A second general order of gain is in our understanding of Tocqueville’s mind: of how he thought and worked. Schleifer’s acute and penetrating analysis brings out unmistakably both Tocqueville’s pluralism (what Nisbet calls the “composite” character of his book) and his instinct for generalization or penchant for ideal types. Schleifer shows Tocqueville often balancing—opposing his themes—juggling painfully with opposites—or almost playing with paradoxes, and returning to play again. We watch Tocqueville fumbling, and sometimes recovering his fumble. We are initiated into Tocqueville’s hesitations and ambiguities and can identify not a few confusions. We encounter some troubling reflections that were later omitted—and some prophetic early convictions or stances which up to now have been identified only in the mature Tocqueville of 1848 or later. So gradually the perceptive reader will come to recognize that many passages in the Democracy carry a greater freight of meaning than has hitherto been supposed. For if Tocqueville finally decided against certain theses in his drafts, or seemingly rejected some alternative interpretations, the fact was that he might be carrying the unresolved paradoxes still in the back of his mind. Sometimes sheer fatigue may have been responsible for an omission, or we can watch (in Schleifer’s nice phrase) “postponement lengthening into a kind of abandonment.”

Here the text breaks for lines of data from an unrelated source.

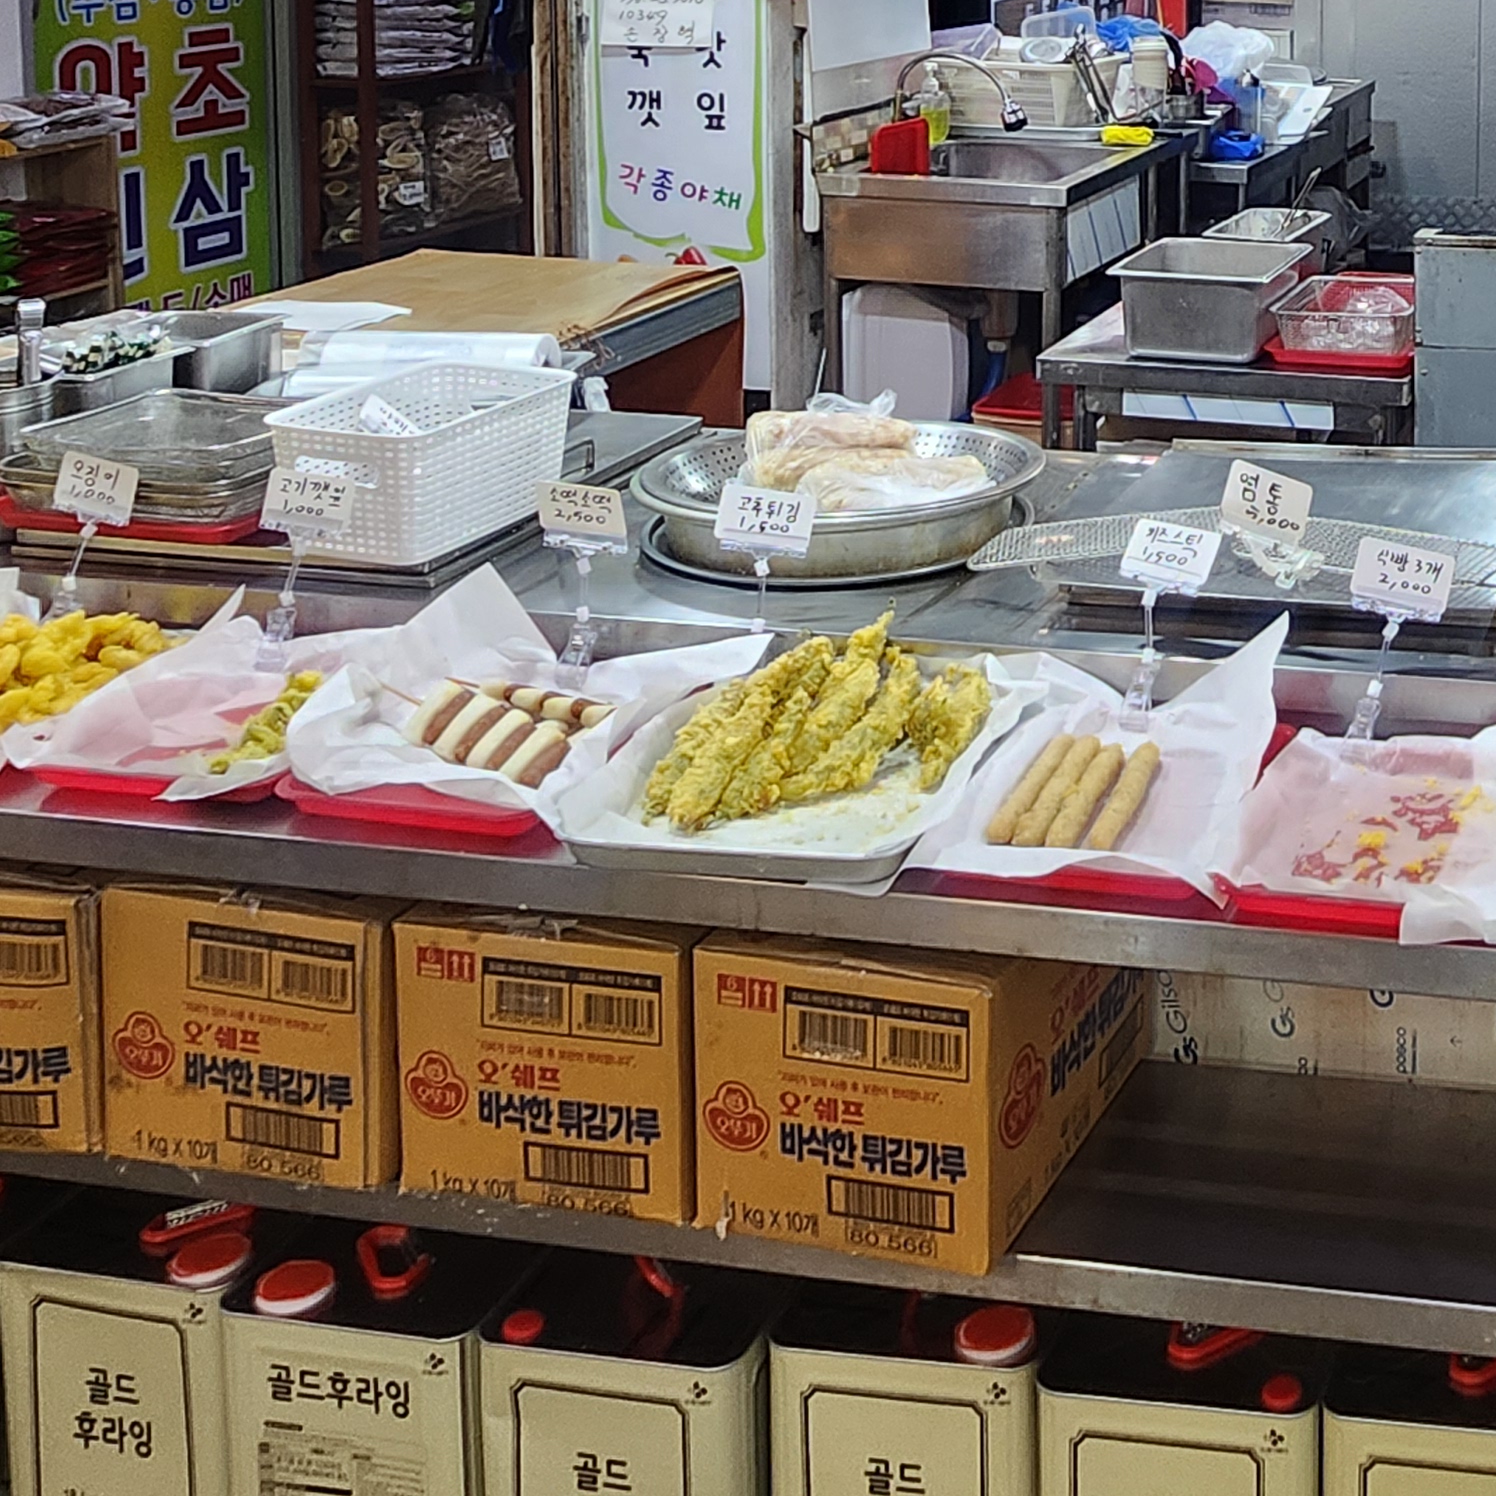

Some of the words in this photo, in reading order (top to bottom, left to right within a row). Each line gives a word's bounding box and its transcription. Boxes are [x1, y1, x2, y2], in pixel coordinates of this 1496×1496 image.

[68, 485, 116, 506] 1,000
[282, 500, 325, 517] 1,000
[554, 508, 607, 525] 2,500
[1141, 547, 1189, 566] 1,500
[1378, 572, 1432, 595] 2,000
[1157, 968, 1188, 1035] Gilsa
[184, 1051, 254, 1098] 바삭한
[257, 1062, 353, 1113] 튀김가루
[477, 1057, 561, 1092] 오'쉐프
[477, 1089, 552, 1134] 바삭한
[556, 1098, 662, 1146] 튀김가루
[778, 1091, 865, 1126] 오'쉐프
[779, 1121, 857, 1169] 바삭한
[861, 1133, 968, 1185] 튀김가루
[85, 1366, 140, 1406] 골드
[267, 1363, 411, 1420] 골드후라잉
[73, 1411, 153, 1459] 후라잉
[572, 1451, 633, 1496] 골드
[864, 1456, 926, 1496] 골드

It should be said that Schleifer has not been able, in so dense and cogent a study, to trace all the themes in Tocqueville’s quasirationalized, quasi-intuitive analysis of democracy-in-America-and-egalitarianism-in-the-modern-world. But he has identified the materials, demonstrated the method, outlined the evolution of a number of key ideas, and illustrated the rewards—in short, he has shown the way, encouraged further work in Tocqueville’s unpublished manuscripts, and brought over the horizon for the first time the possibility of a great annotated edition of Tocqueville’s Democracy: an edition this classic deserves and workers beyond the field of Tocqueville scholarship will be grateful for.

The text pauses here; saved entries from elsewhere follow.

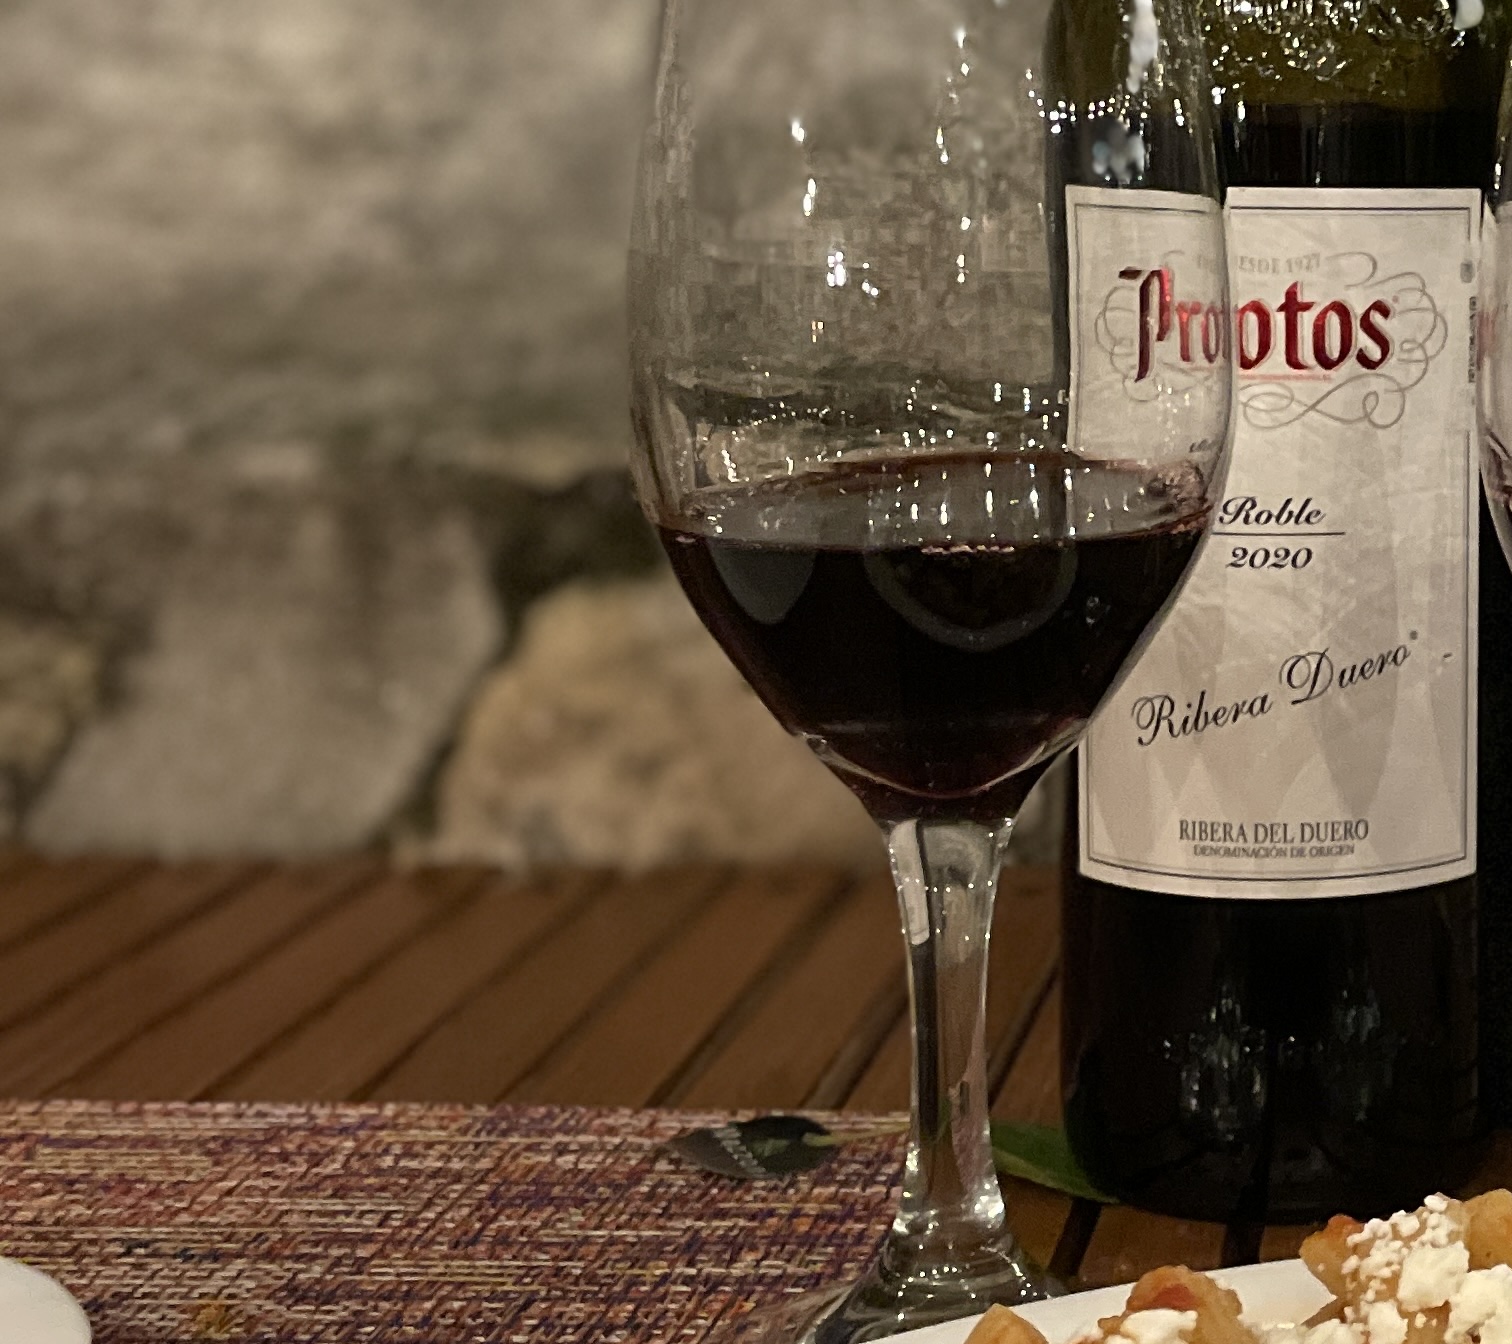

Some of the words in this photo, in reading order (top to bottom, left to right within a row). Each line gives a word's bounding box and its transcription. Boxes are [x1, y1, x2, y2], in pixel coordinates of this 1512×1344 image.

[1218, 495, 1326, 527] Roble
[1226, 546, 1314, 570] 2020
[1131, 690, 1273, 747] Ribera
[1179, 819, 1248, 844] RIBERA
[1253, 821, 1295, 845] DEL
[1300, 819, 1369, 843] DUERO
[1290, 846, 1307, 859] DE
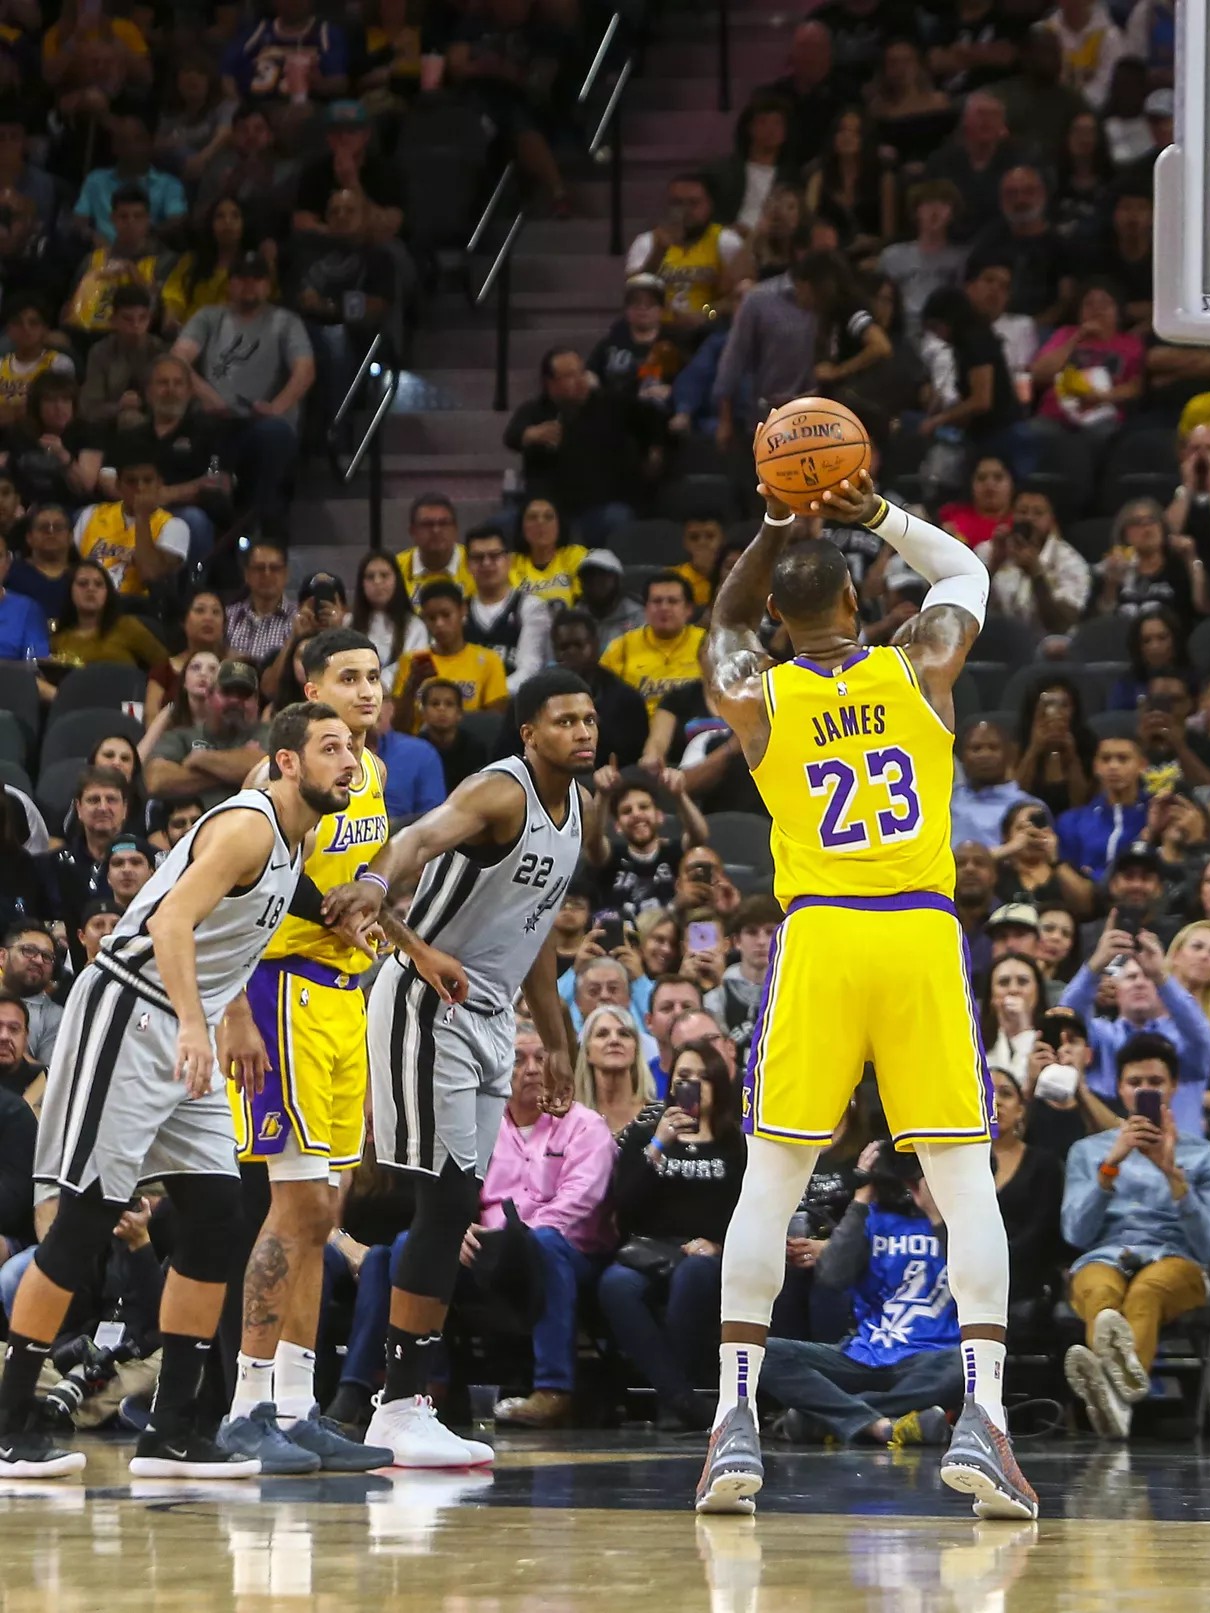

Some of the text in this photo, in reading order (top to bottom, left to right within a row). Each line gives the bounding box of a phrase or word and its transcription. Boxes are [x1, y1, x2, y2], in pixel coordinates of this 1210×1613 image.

[767, 422, 844, 454] SPALDING
[812, 704, 885, 747] JAMES
[804, 744, 924, 853] 23
[512, 852, 555, 888] 22
[255, 894, 285, 929] 18

Is not the original Democracy enough, naked and undisguised? It is indeed much, and by itself perhaps more than we deserve, or have the humble patience to digest. It may not be “the greatest work ever written about one country by a citizen of another,” but it is surely one of the master keys to an understanding of modern mass society. So to understand it and Tocqueville better is gain for us all.

I am reminded of the Federalist Papers and the Debates of the Federal Convention. Our Constitution is sufficient by itself? It alone governs? Yes—in the wording and the finality of its pronouncements. Yet only through interpretation. And it may be recalled that after many years of taking the Constitution at face value the Supreme Court was finally able to read the Debates which had taken place in the course of its drafting—and our Justices have not been so innocent, indeed they have been the wiser, since. For the Debates and the Federalist Papers showed what the fathers of the Constitution had been thinking about and so clothed that document with deeper and wider meanings. They gave our Constitution—our ten commandments so to speak—a setting and a depth in history—to the enlightenment and benefit—of the whole nation.

So now we are able to go behind the naked and often cloudy or inconsistent pronouncements of the Democracy and come closer to what Tocqueville perhaps really meant. For we can hear Tocqueville’s debates with his contemporaries and, more importantly, we can watch him debating with himself. To those of us concerned for the human condition, and not obsessed with Freud or infected with the virus of Marxism, this can be a most rewarding exercise. For Tocqueville was a man of honor, with an intuitive intelligence that came close to genius, who cared profoundly for the dignity and freedom of man.